Should have blogged about this last week, but other demands on my time prevailed.
There’s an article on TechCrunch (brought to my attention by my colleague Justin) about the launch of Swivel, whose founders Dmitry Dimov and Brian Mulloy describe as the “YouTube of data”. What they mean by this is that they’ve created a place where users can upload interesting data sets and then plot them against other data sets from other users to look for correlations, such as the interesting one below:
Unfortunately I don’t have much particularly interesting data to upload (and the data that I do have that is interesting is confidential), so I wasn’t able to try this with some of my own data. Apparently when the site launches, you will be able to upload data and keep it private – though I don’t know how many people will be happy to trust their precious data to a relatively unknown third party (not to mention the legal aspects).
If Swivel can overcome this obstacle, however (and they need to – charging for private data is their main revenue source, apparently), then they could be onto something. They’re building out significant data center capability to perform correlations behind the scenes and suggest data sets that you might want to compare. But it will be interesting to see whether the correlations they come up with are anything more than just of the ‘happy coincidence’ variety (for example, the rising plot of oil prices in the chart above could appear to correlate nicely with the usage of World of Warcraft, if you’re careful to pick the right range, etc). So perhaps Swivel should have a little tutorial on how correlation does not imply causation on their home page.
The site’s other challenge is the cleanliness of the data – even when trying to compare data that was date-based, the site choked several times (doubtless these are problems that the team is working out), but there is a larger issue of ‘standardization’ of axes or segments. Date is (relatively) easy – you can make some assumptions about the date range that a particular data point relates to – but other ranges/segments are harder, such as:
- Country (problems with old vs new names, regions, etc)
- Age (lots of data is grouped into age ranges, e.g. 16-24, 25-34, but these are not consistent)
- Income (same problem as above, plus currency fluctuations thrown into the mix)
And that’s just the axes/segments for humans – other entities like companies have their own characteristics which are not measured in a standard way, especially not internationally.
It’ll be interesting to come back to Swivel in a few months when there’s some more data in there (and when they have their private data service up and running).
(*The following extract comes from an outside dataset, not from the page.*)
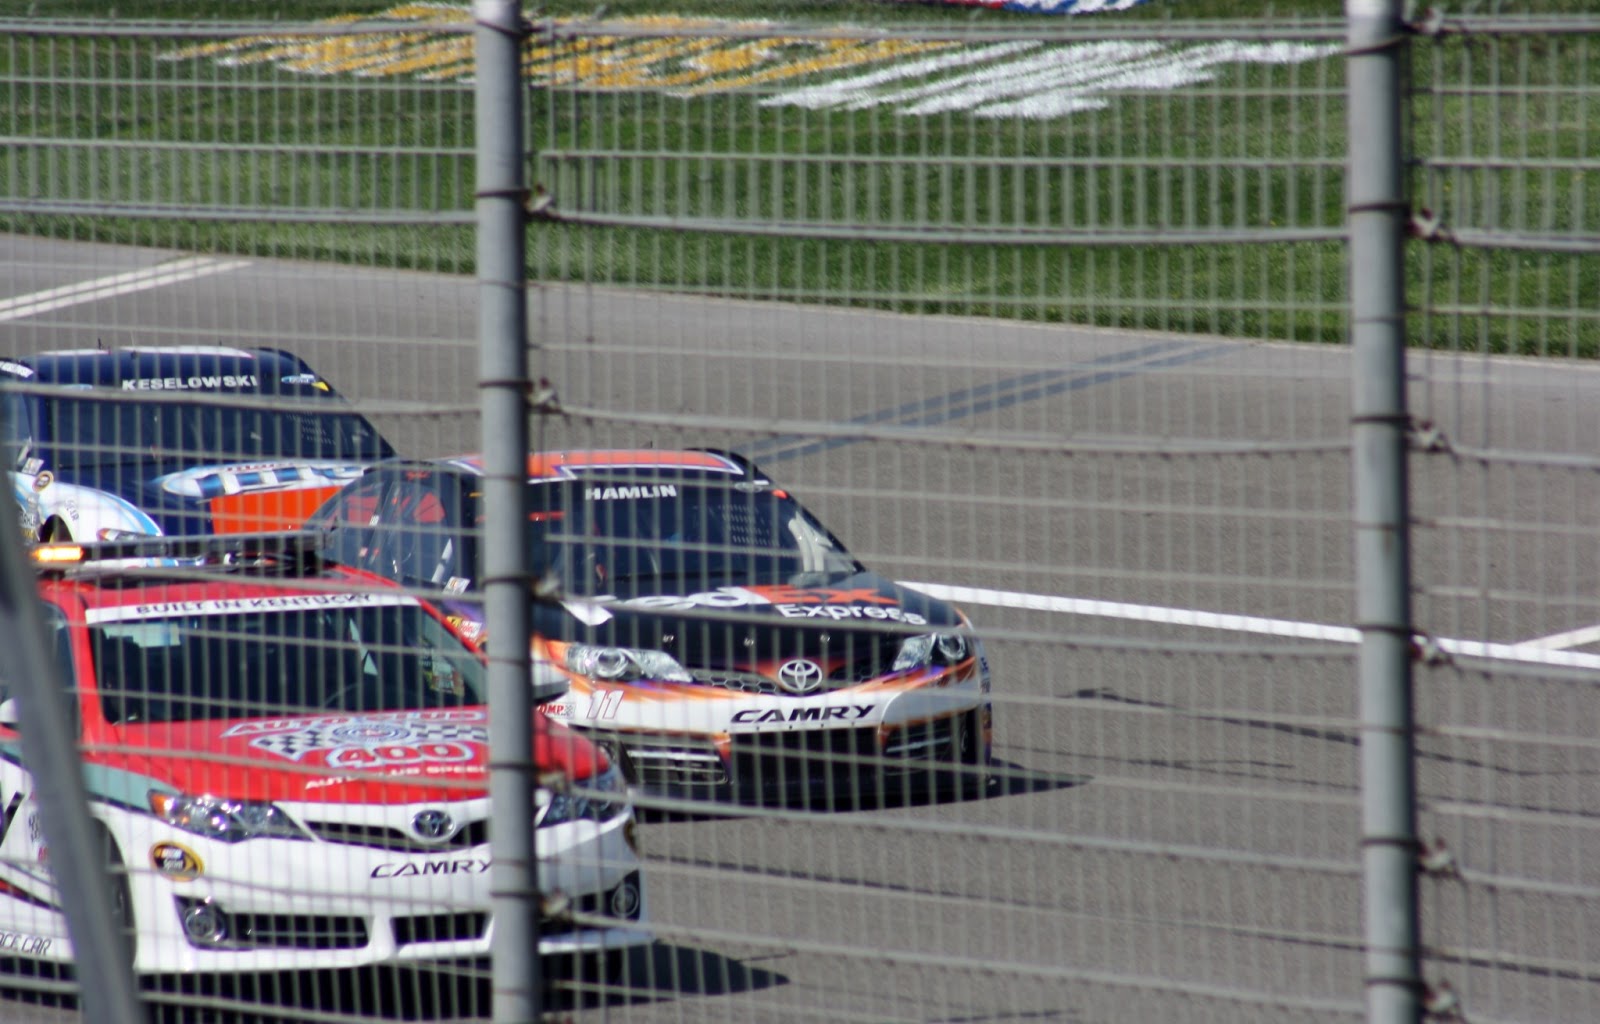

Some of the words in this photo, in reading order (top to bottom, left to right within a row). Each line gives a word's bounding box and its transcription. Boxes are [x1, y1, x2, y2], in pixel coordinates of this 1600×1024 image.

I wish them well.
Ian, I don’t think privacy is the point here. Isn’t this the YouTube of data? How many people post something on YouTube in an effort to keep it private?
The point is to get people to see your stuff. Your stock price. Your feed subscription numbers. Comments per post. EBITDA. Whatever.
Thanks for taking the time to write about Swivel. You have hit upon many of the issues we are working on to ensure Swivel is valuable for folks. Long way to go of course. Thanks for the encouragement too.
Brian Mulloy
CEO & Cofounder
http://www.swivel.com
Robbin, I think the “YouTube of data” moniker may be a little inappropriate (and Swivel only have themselves to blame here), since their only way of making money is to charge to upload private data. As an aside, it’s enormously refreshing to see a Web 2.0 startup that isn’t dependent on Google Adsense revenues for its business model.
I imagine that the market that Swivel is trying to reach is corporate (or academic) data analysts who have a set of their own private data, but want to correlate that data against publicly available data. If you knew the age distribution of your customer base, for example, there’d be value in correlating that with where in the country/world they’re likely to be. But you’d want to be pretty sure that nobody got their hands on your private customer data in the process.
Actually the challenge may be getting sufficiently interesting public data sets that people can correlate against. But I imagine that Swivel has a team (ok, it’s probably just a guy in a cube) scouring the internet and academia for just such sources.